Problem requirements → Below are the records; print them again exactly and omit the pictures.

Dataset entries →
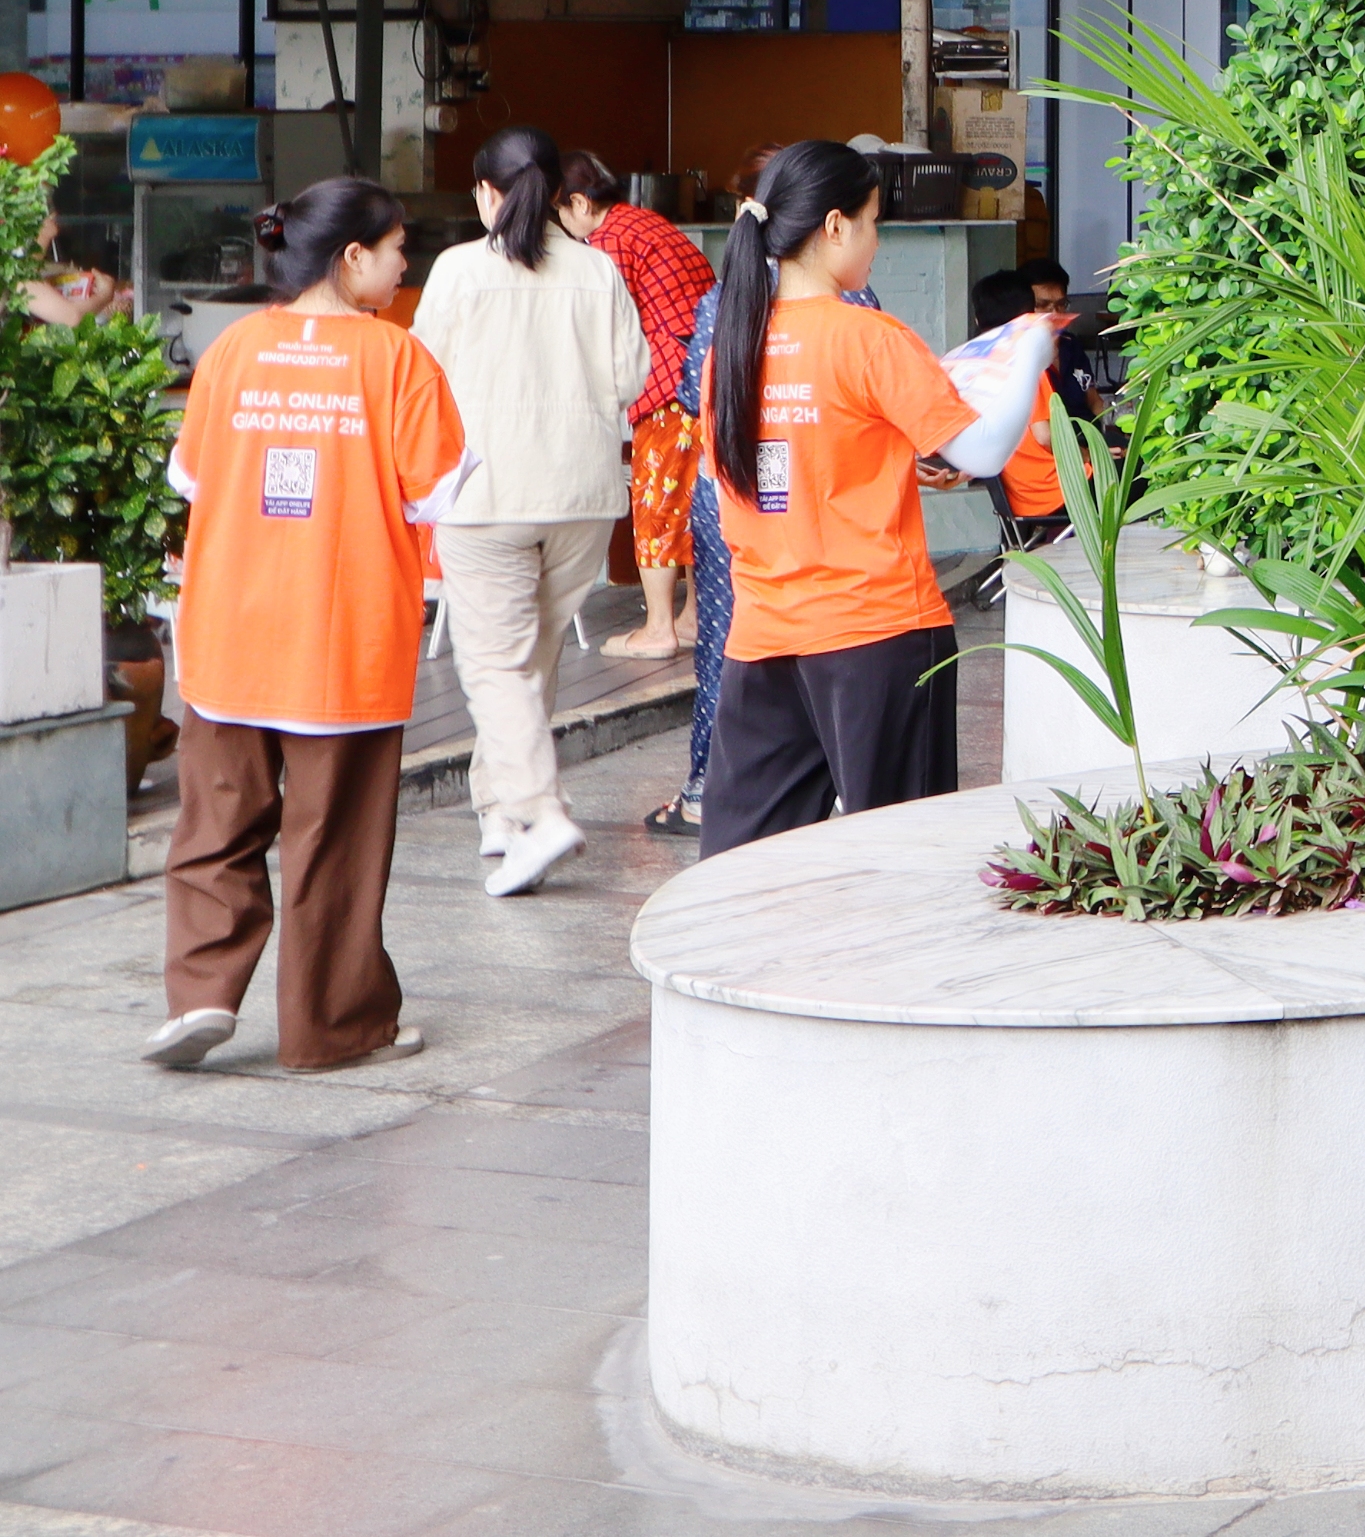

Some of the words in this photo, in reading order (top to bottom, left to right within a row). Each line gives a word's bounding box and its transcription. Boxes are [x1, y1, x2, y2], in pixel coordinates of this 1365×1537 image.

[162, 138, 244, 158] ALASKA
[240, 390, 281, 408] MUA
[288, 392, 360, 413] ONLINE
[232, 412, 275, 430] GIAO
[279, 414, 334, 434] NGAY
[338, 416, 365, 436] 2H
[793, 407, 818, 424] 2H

Result →
Some of the words in this photo, in reading order (top to bottom, left to right within a row). Each line gives a word's bounding box and its transcription. Boxes are [x1, y1, x2, y2], in pixel coordinates of this 1365×1537 image.

[162, 138, 244, 158] ALASKA
[240, 390, 281, 408] MUA
[288, 392, 360, 413] ONLINE
[232, 412, 275, 430] GIAO
[279, 414, 334, 434] NGAY
[338, 416, 365, 436] 2H
[793, 407, 818, 424] 2H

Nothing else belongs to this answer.